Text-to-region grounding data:
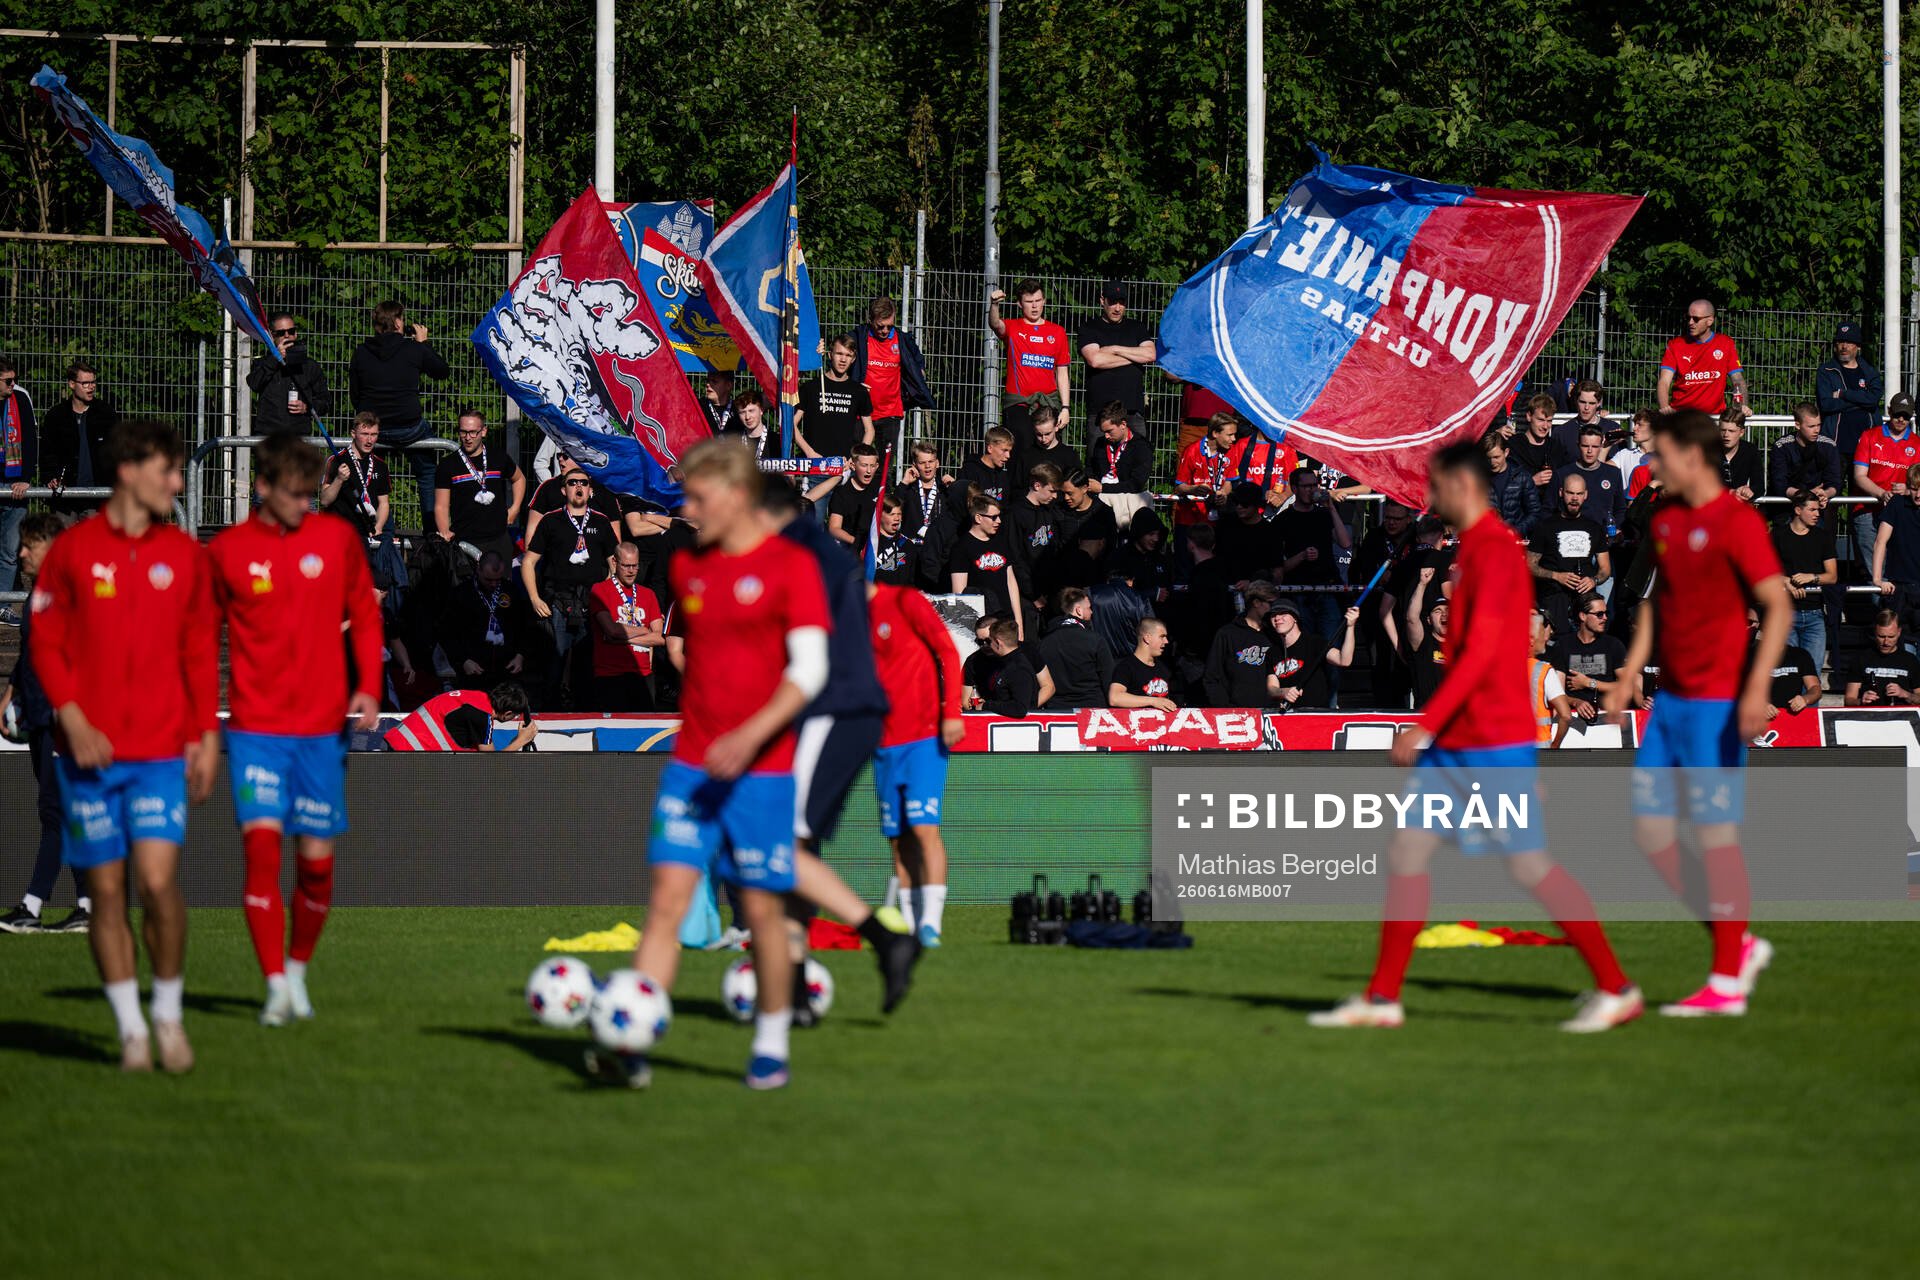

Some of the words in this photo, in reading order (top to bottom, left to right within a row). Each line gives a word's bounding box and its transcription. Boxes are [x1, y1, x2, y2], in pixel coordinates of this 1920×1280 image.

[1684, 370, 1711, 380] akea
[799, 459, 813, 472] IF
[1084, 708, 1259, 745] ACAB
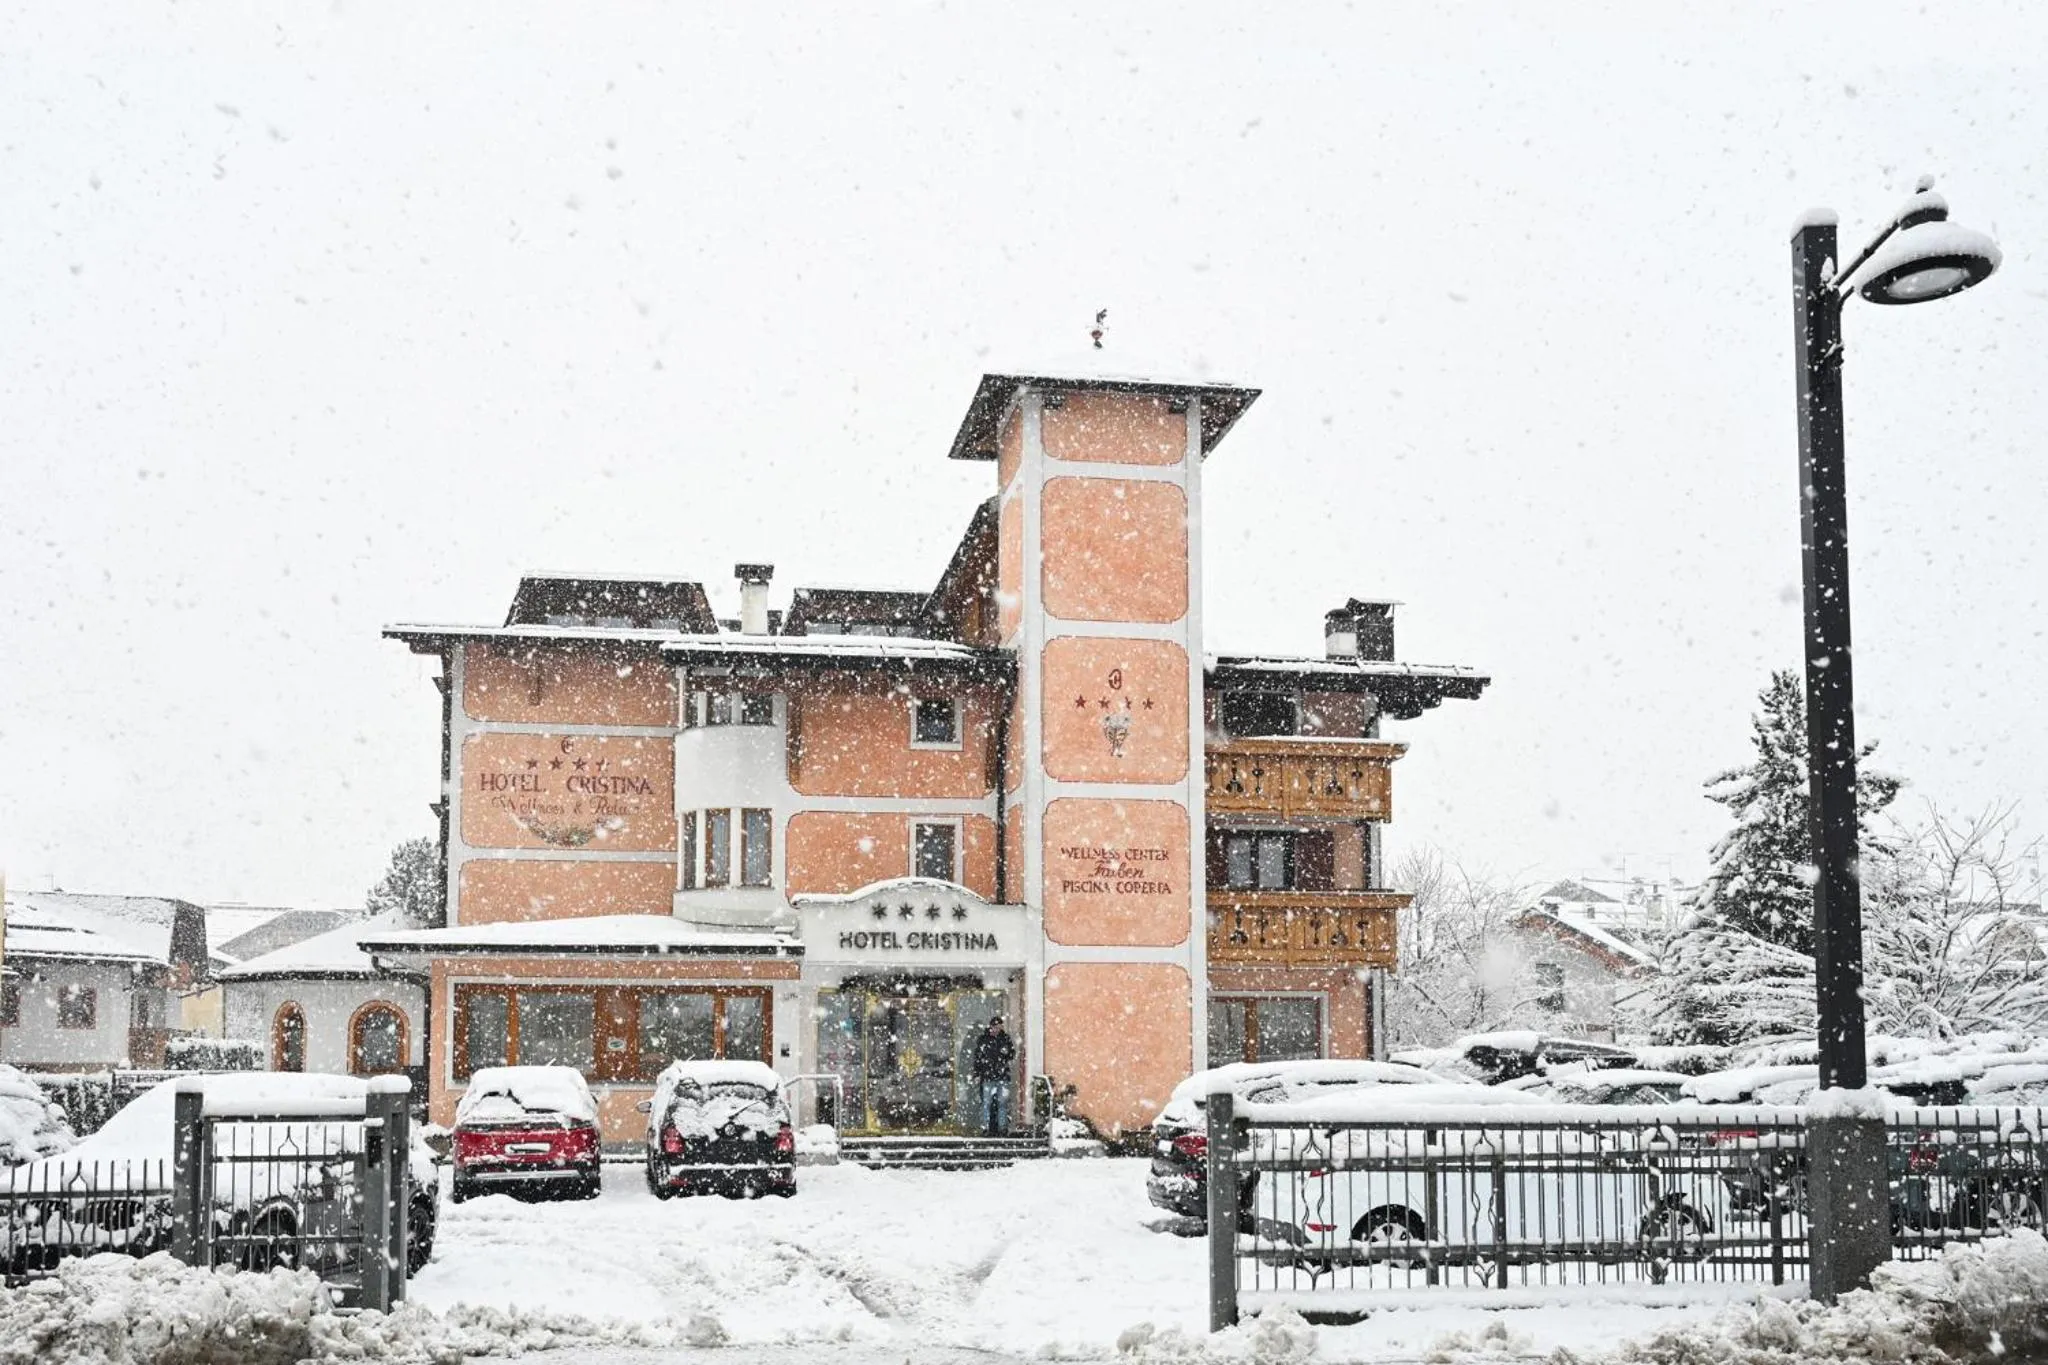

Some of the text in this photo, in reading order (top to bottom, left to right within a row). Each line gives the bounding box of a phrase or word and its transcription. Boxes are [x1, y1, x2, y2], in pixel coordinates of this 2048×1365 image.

**WHAT IS EXPECTED:**
Once the pictures are removed, repeat all of the data above exactly.

**TASK ANSWER:**
Some of the words in this photo, in reading order (top to bottom, left to right within a row). Each line gives a word's bounding box and its transcription. Boxes are [x1, y1, x2, y2], in pixel coordinates of this 1920×1280 image.

[1684, 370, 1711, 380] akea
[799, 459, 813, 472] IF
[1084, 708, 1259, 745] ACAB

Some of the text in this photo, in reading order (top to bottom, left to right within a row). Each line gives the bounding box of a phrase or word and its transcription. Boxes are [x1, y1, x2, y2], in pixel coordinates of this 2048×1365 image.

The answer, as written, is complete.